Когда колеса экипажа заскрипели на повороте, все замолчали. И вот моему взору предстала аллея, ведущая к усадьбе Мэртсонов. Это было и вправду удивительное зрелище. Могучие вековые дубы, поросшие мхом, сплетались кронами над дорогой, образуя тенистую и сумрачную аркаду, – казалось, мы въехали в туннель. В конце аллеи дорога, выложенная красным кирпичом, упиралась в здание усадьбы – в белоснежный фасад, увенчанный голубой крышей. На каждом этаже была крытая галерея, поддерживаемая дорическими колоннами и украшенная лепными карнизами. Темно-зеленые оконные ставни и изящные кованые перила дополняли картину. Дом был не только красив – он поражал своими поистине огромными размерами.

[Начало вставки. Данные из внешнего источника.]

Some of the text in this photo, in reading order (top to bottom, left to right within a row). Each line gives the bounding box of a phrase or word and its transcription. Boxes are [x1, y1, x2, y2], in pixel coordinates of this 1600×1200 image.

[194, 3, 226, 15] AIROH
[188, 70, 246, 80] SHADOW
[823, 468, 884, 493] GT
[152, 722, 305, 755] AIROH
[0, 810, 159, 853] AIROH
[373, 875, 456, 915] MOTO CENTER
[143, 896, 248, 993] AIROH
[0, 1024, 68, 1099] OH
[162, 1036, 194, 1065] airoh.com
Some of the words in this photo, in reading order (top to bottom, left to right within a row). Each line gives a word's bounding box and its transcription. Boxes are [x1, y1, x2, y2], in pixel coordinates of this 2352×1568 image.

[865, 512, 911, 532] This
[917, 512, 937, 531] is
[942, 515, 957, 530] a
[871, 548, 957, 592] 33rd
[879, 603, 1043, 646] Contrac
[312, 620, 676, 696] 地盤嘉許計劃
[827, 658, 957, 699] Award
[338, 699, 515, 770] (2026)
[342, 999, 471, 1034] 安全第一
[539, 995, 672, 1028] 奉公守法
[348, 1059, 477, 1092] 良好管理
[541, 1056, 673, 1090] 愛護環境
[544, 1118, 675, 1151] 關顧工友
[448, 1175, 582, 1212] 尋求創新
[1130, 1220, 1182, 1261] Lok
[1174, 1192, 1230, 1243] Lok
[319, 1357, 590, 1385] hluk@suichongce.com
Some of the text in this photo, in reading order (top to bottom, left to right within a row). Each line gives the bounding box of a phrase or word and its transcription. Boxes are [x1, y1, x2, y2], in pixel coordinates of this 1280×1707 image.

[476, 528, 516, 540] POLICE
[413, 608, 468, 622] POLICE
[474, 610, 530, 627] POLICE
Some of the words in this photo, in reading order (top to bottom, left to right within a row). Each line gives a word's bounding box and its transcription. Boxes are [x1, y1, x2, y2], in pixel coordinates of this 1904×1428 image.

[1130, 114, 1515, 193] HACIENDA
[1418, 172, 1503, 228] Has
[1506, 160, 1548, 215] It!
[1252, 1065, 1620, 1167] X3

Казалось бы, от одной мысли, что мне отныне предстоит жить здесь и носить фамилию Мэртсон, должно было захватить дух, – но, к своему удивлению, я не обнаружила в себе даже признаков радости. Должно быть, боязнь предстоящей встречи со старым Мэртсоном была сильнее всех других чувств.
Экипаж, качнувшись на рессорах, остановился у широкого парадного крыльца. Дверь тут же распахнулась, и на порог вышла высокая красивая молодая женщина. Увидев Тео, спрыгнувшего с подножки экипажа, она издала радостный возглас и бросилась к нему, перепрыгивая через ступени и восторженно повторяя его имя. Казалось, она не помнила себя от радости, и это было так естественно – ведь она столько лет не видела своего брата. Она заключила Тео в объятия и осыпала его лицо поцелуями. Потом девушка обернулась в сторону дома и крикнула:
– Бесс! Бесс! Выходи скорее! Тео вернулся! Тео вернулся домой!
И вдруг слезы неудержимо хлынули из ее глаз. Тео обнял ее и, ласково похлопывая по плечу, сказал:
– Ну что ты! Все в порядке.
Я была глубоко тронута, увидев, как трепетно относятся друг к другу Алвина и Тео. Я и раньше чувствовала, что он очень любит своих сестер: всякий раз, когда он рассказывал о них, какая-то особенно ласковая нота возникала в его голосе. Теперь я увидела, что и сестры были к нему нежно привязаны – по крайней мере, об Алвине это можно было сказать с уверенностью. Радость жизни, озарявшая ее лицо, так похожее на лицо брата, после встречи с Тео превратилась в неудержимое ликование. Неудивительно, что для меня было большим облегчением отметить в Алвине ее жизнерадостность – это давало мне право надеяться, что мое происхождение не станет препятствием в отношениях между нами.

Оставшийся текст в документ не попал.